Those Were The Days

Quite a few years ago my son and I were talking about music and playing a variety of records. At that time, back in Iowa City, most everyone had a turn table and a collection of records. I had a very large accumulation myself—everything from classical and blues to folk and rock.

Janis Joplin was playing, loudly and passionately while we sang just as loud and just as filled with passion. After all, it was the only way to listen to some things. We had just moved into the game of “Oh! Remember when this came out?” when he asked to play Peter Paul and Mary. “Well,” I said, “we can, but I’m really not all that into nostalgia.”

He feigned a look around the room. “I don’t see any shag carpeting…”

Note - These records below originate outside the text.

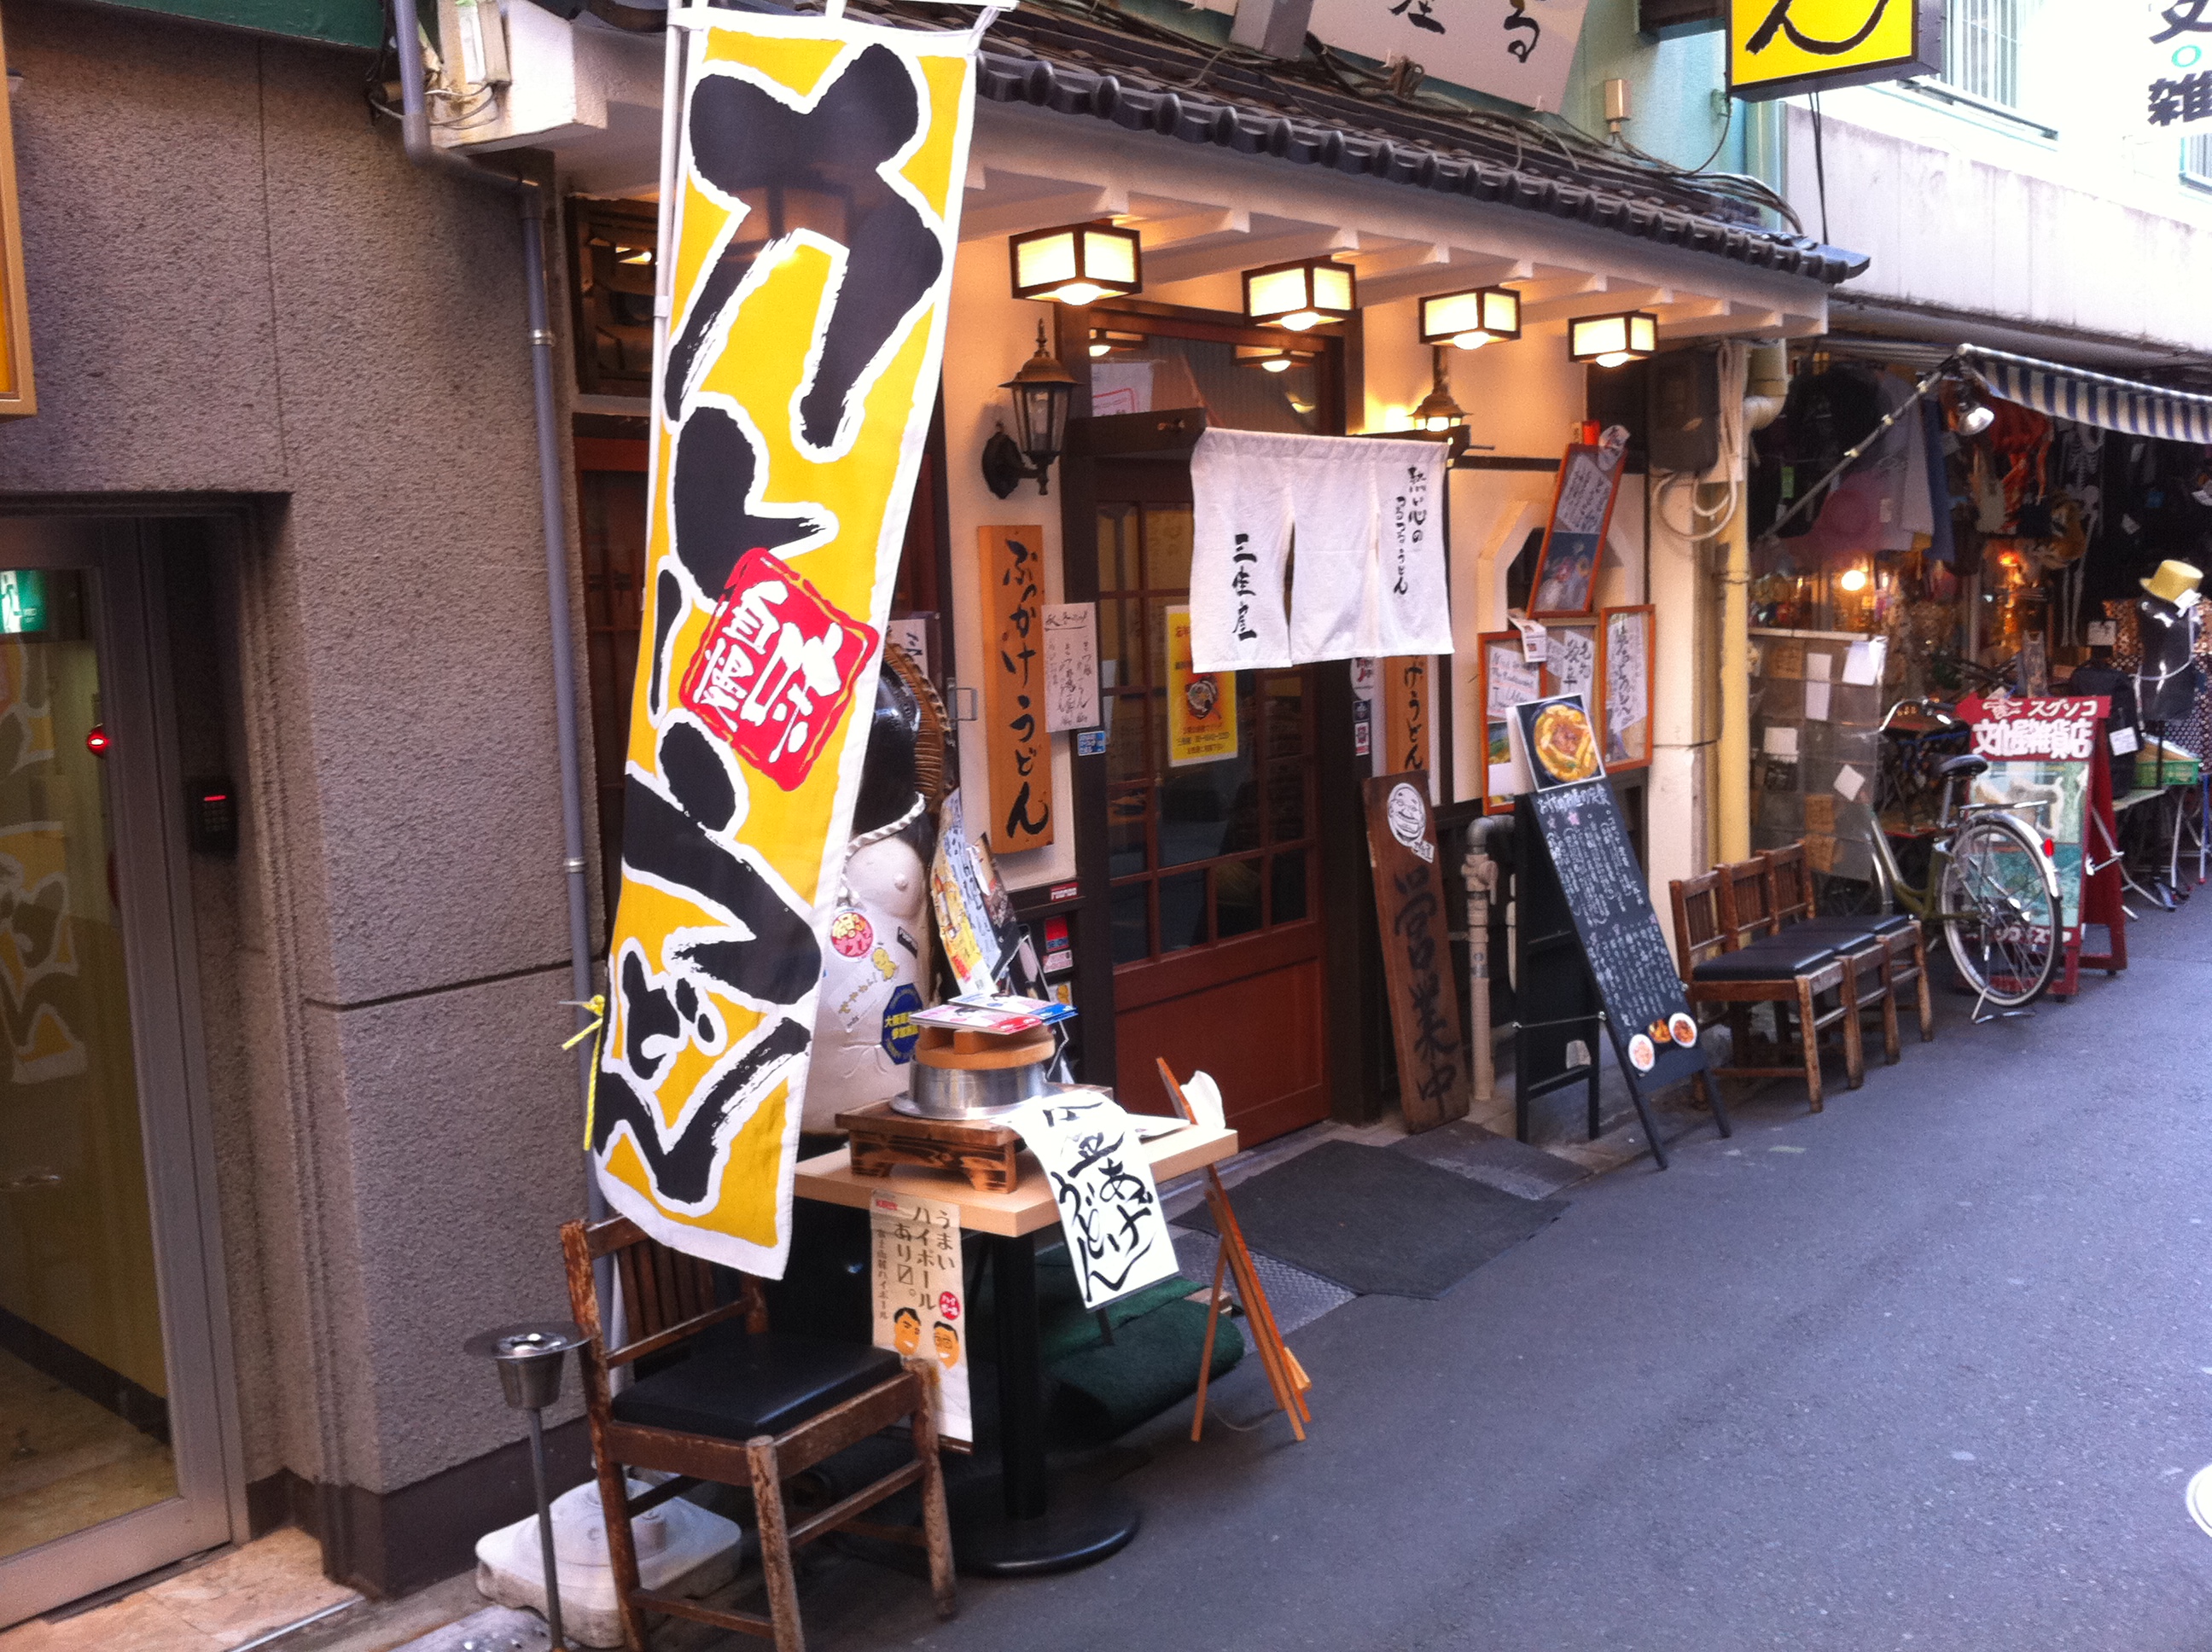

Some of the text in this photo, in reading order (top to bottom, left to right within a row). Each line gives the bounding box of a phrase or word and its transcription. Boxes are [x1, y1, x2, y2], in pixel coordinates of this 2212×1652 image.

[595, 43, 945, 1205] カレーうどん
[694, 580, 789, 732] 自慢
[740, 621, 843, 763] 味
[1002, 538, 1050, 839] ぶっかけうどん
[1971, 717, 2094, 759] 文化屋雑貨店
[2028, 698, 2098, 718] スグソコ
[1392, 864, 1459, 1120] 営業中
[912, 1206, 937, 1311] ハイボール
[936, 1210, 956, 1271] うまい
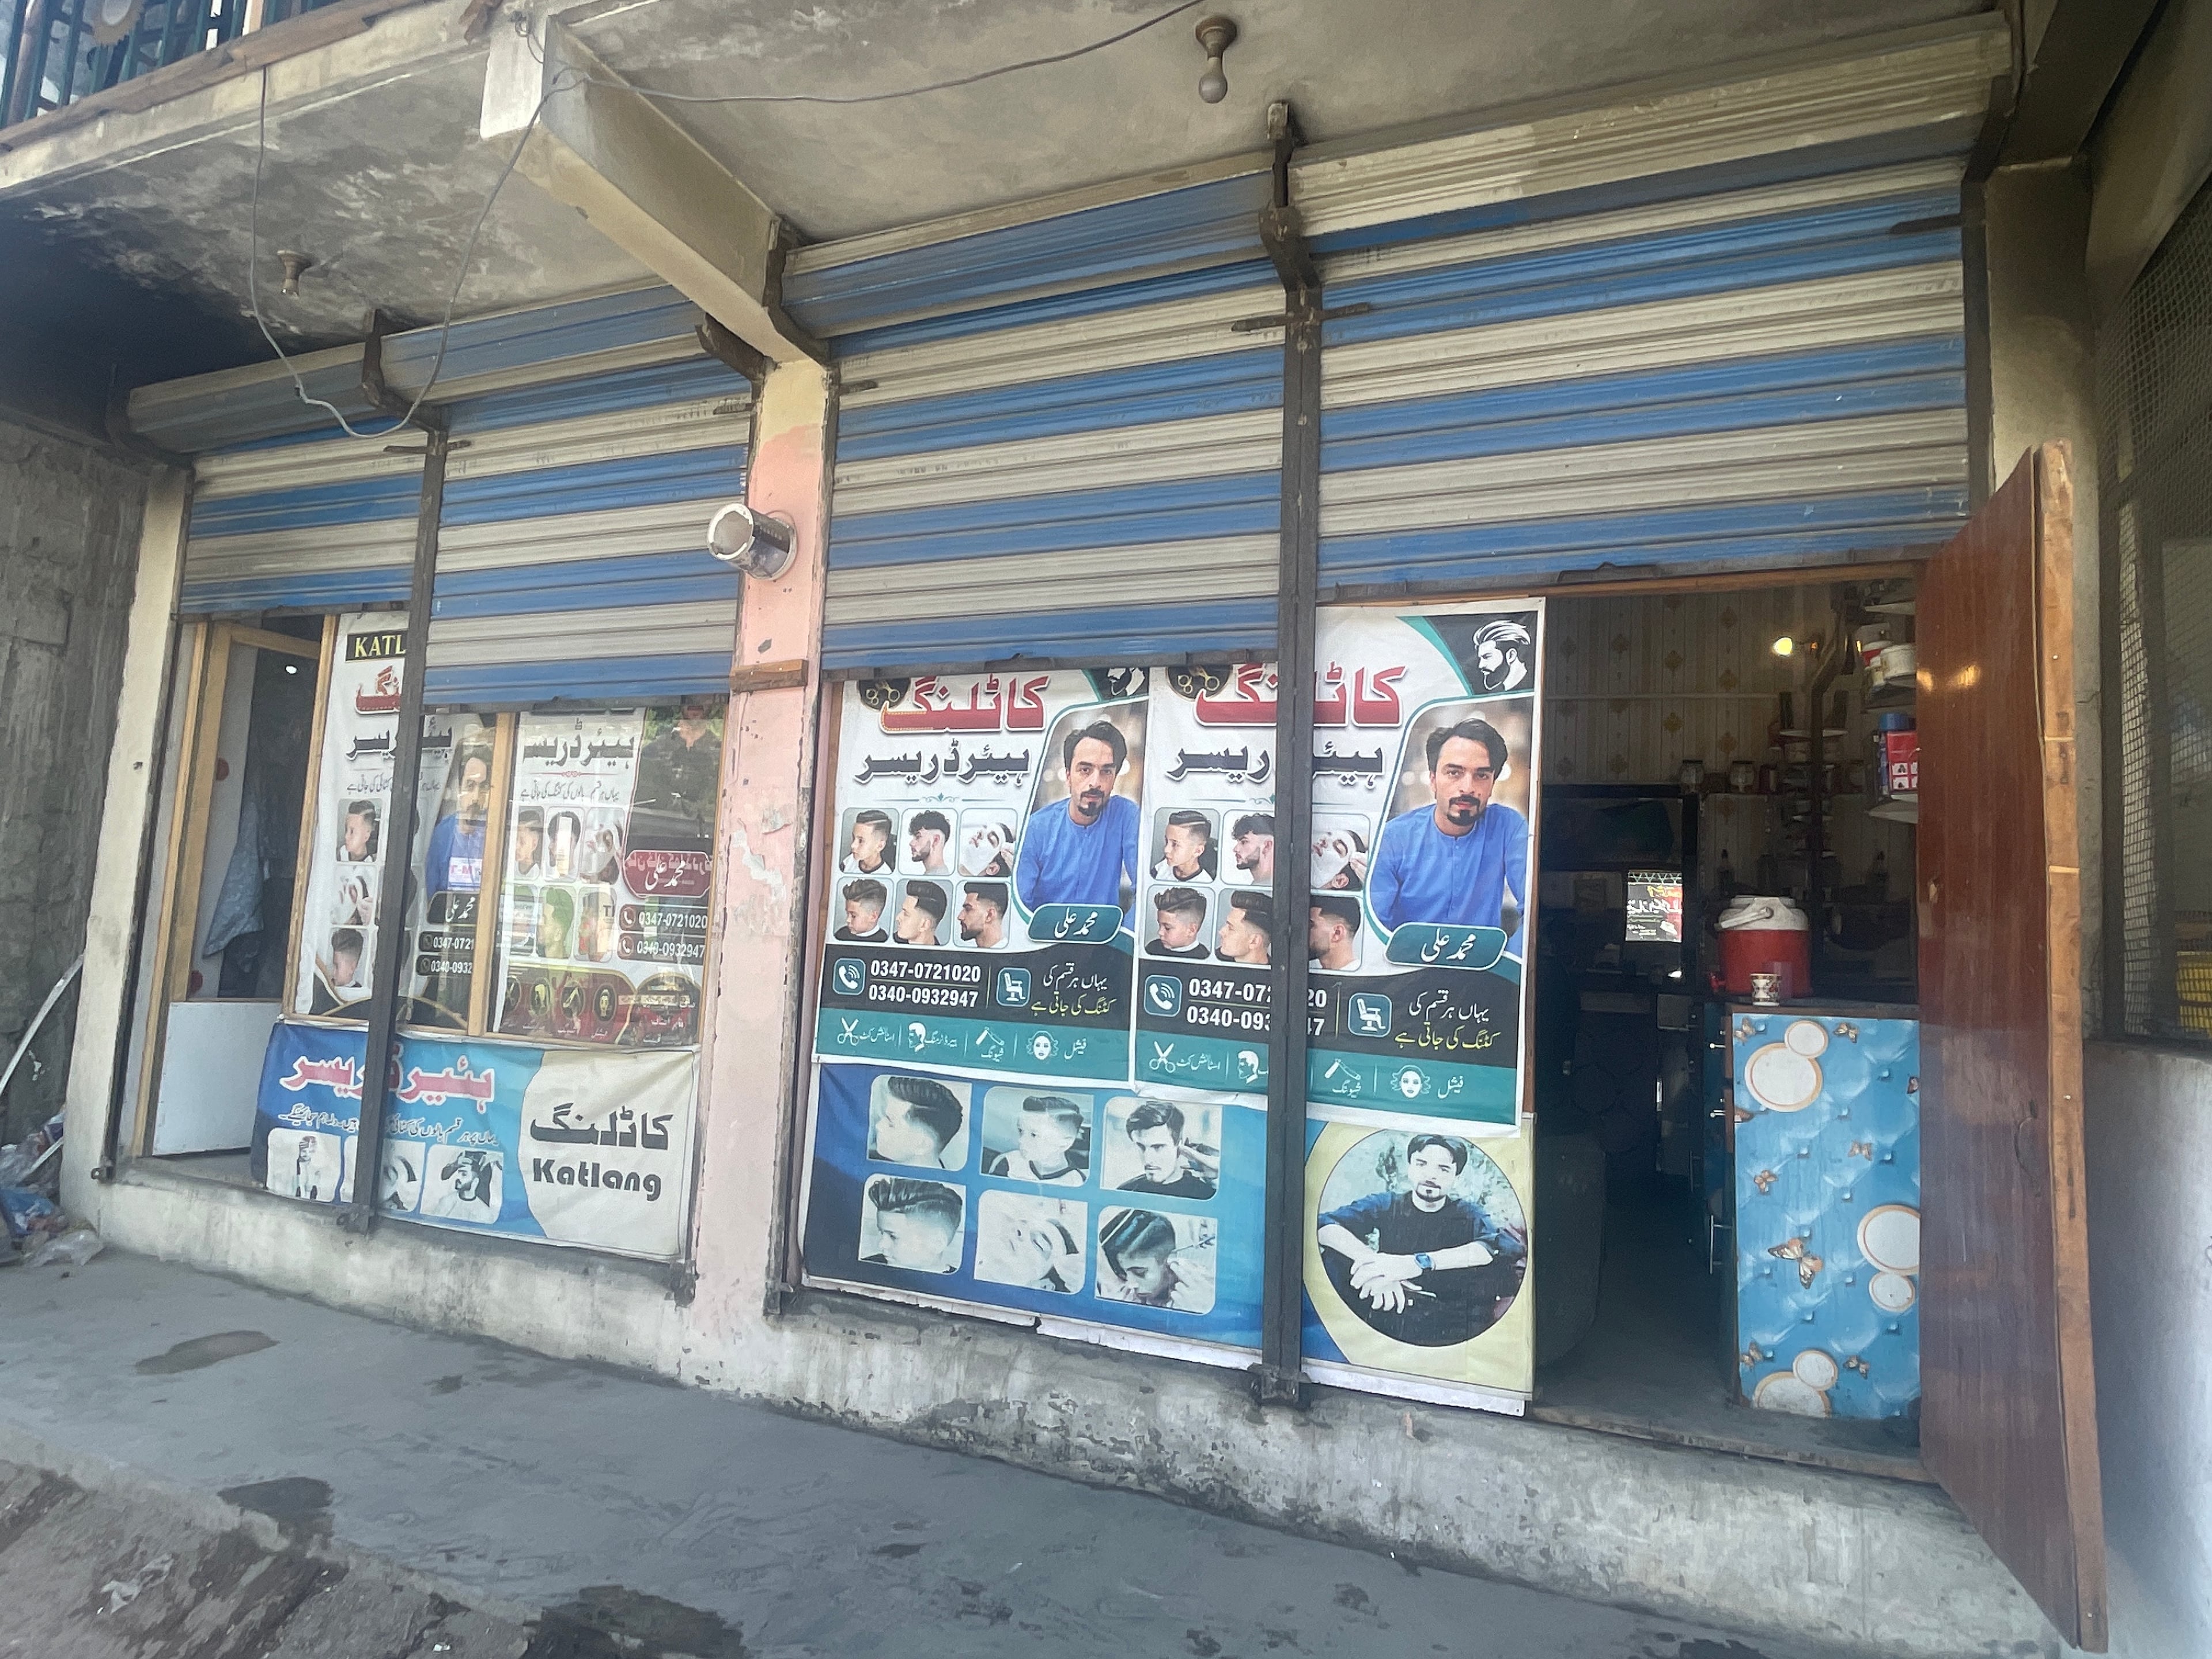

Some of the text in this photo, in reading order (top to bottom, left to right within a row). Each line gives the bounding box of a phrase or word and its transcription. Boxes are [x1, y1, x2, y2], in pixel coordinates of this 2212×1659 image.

[639, 912, 708, 929] 0347-0721020
[1054, 905, 1099, 937] محمد علی
[1421, 927, 1476, 962] محمد علی
[870, 960, 981, 982] 0347-0721020
[1043, 962, 1107, 991] یہاں ہر قسم کی
[869, 984, 979, 1007] 0340-0932947
[1049, 991, 1069, 1017] جاتی
[1071, 993, 1088, 1016] کی
[1409, 989, 1490, 1023] یہاں ہر قسم کی
[1031, 1001, 1047, 1017] ہے
[1395, 1032, 1415, 1049] ہے
[1418, 1022, 1444, 1050] جاتی
[1446, 1025, 1465, 1050] کی
[1438, 1075, 1464, 1099] فیشل
[532, 1157, 662, 1202] Katlang
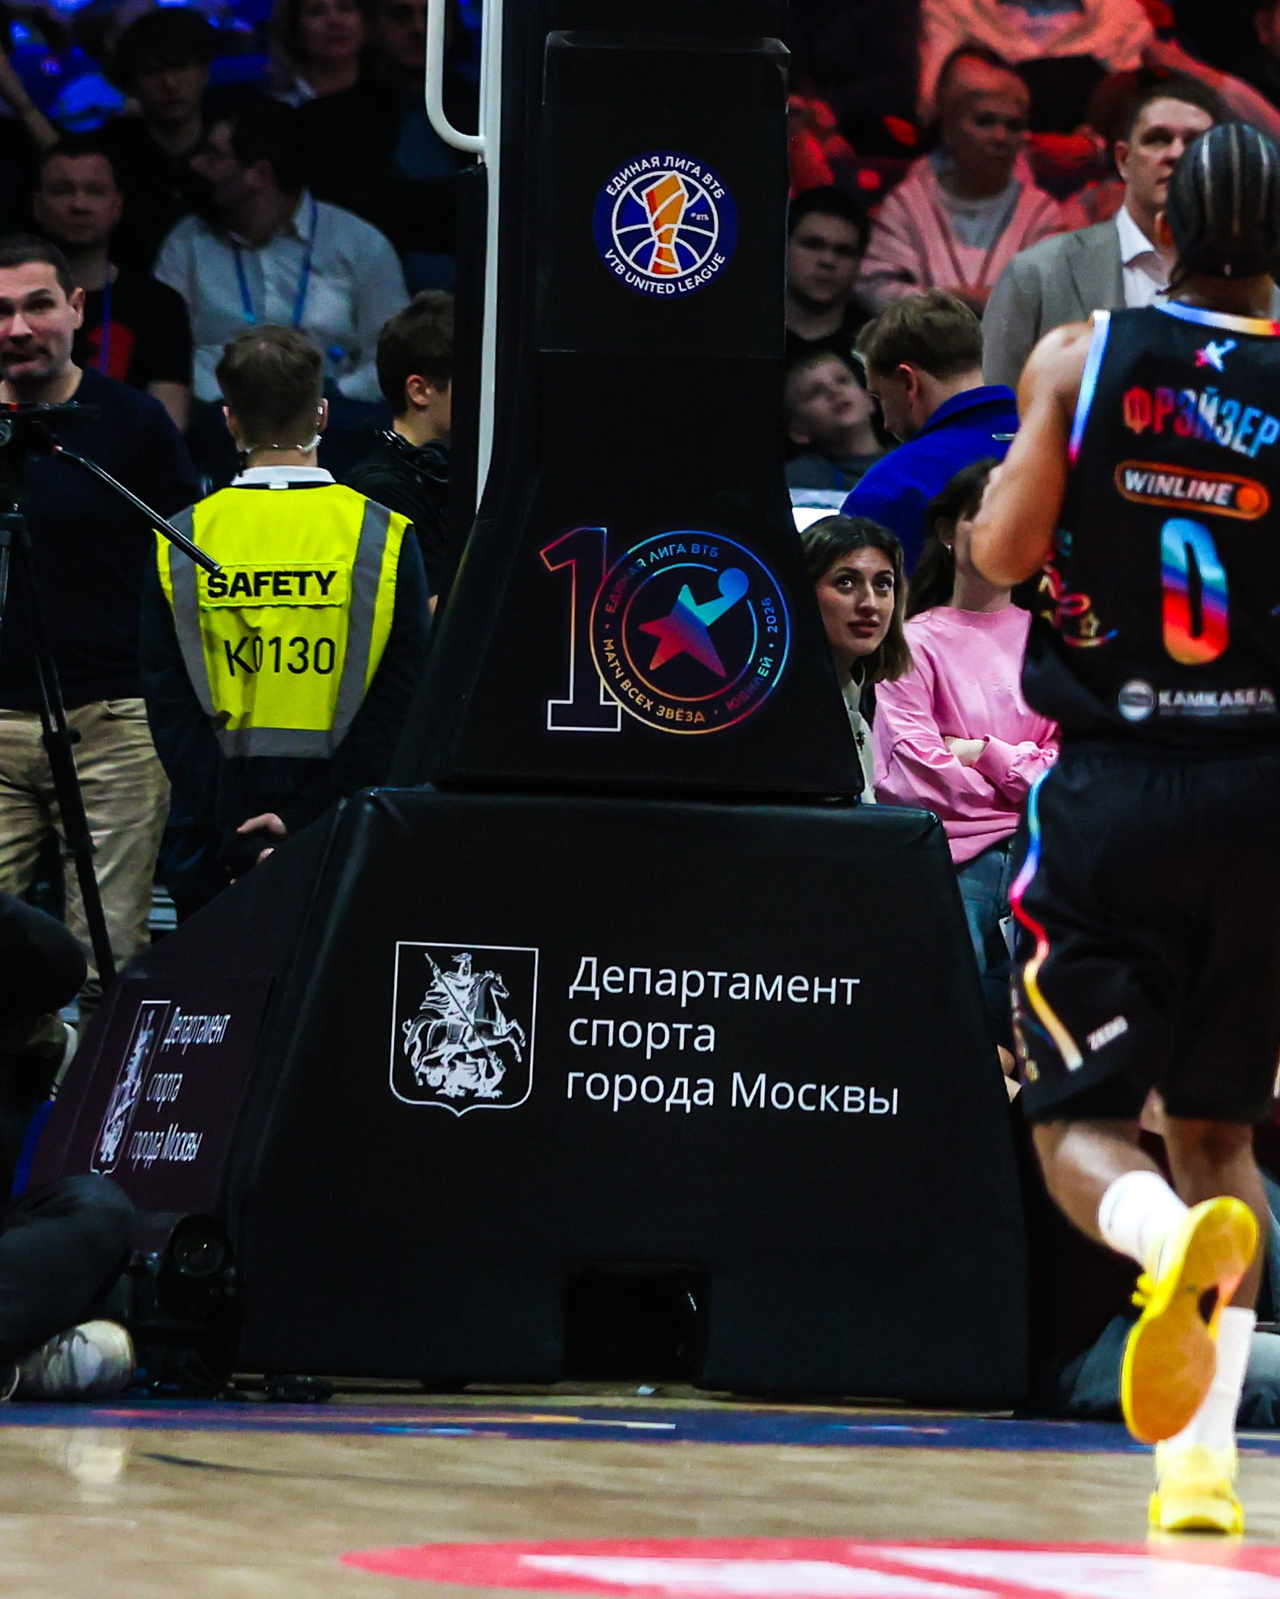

Not getting the connection I responded, “What? Nobody does shag carpet anymore. There hasn’t been any for years. New anyway.”

“Huh. And you do know that Janis is nostalgia, right?”

I was shocked. I didn’t know. I didn’t know then and I don’t know now. With some things the old days get carried right along with you to whenever you are.


Janis Joplin on her Psychedelic Porsche, 1968. Photographed by Jim Marshall



Rudolph Nureyev

“Technique is what you fall back on when you run out of inspiration”

Rudy has been (and still is by many) considered the Best Dancer of all time. I saw him once in Iowa City for a performance—The Nutcracker. I was backstage helping with the children. The ballet calls for many children milling about in some scenes. Sitting on the floor and waiting against the wall, some of the children’s feet stuck out into the corridor. As Rudy was walking down and past us, he kicked one of the boys whose feet intruded. The others quickly withdrew theirs.

He wasn’t a very tall man, and didn’t appear to be very imposing. Small. Until he got close. Once he did, walked by, you could feel a force field around him. Every muscle and vein seemed enlarged and vibrating. His face looked like a fierce, carved rock. You couldn’t say he was good looking, not at that point, as he was so intense and heavily made up. He looked angry. He was of course proud, arrogant, and did not suffer fools (or children) gladly.

He was a Beautiful Dancer. He was a Beautiful Man. And it was said that he could break your heart.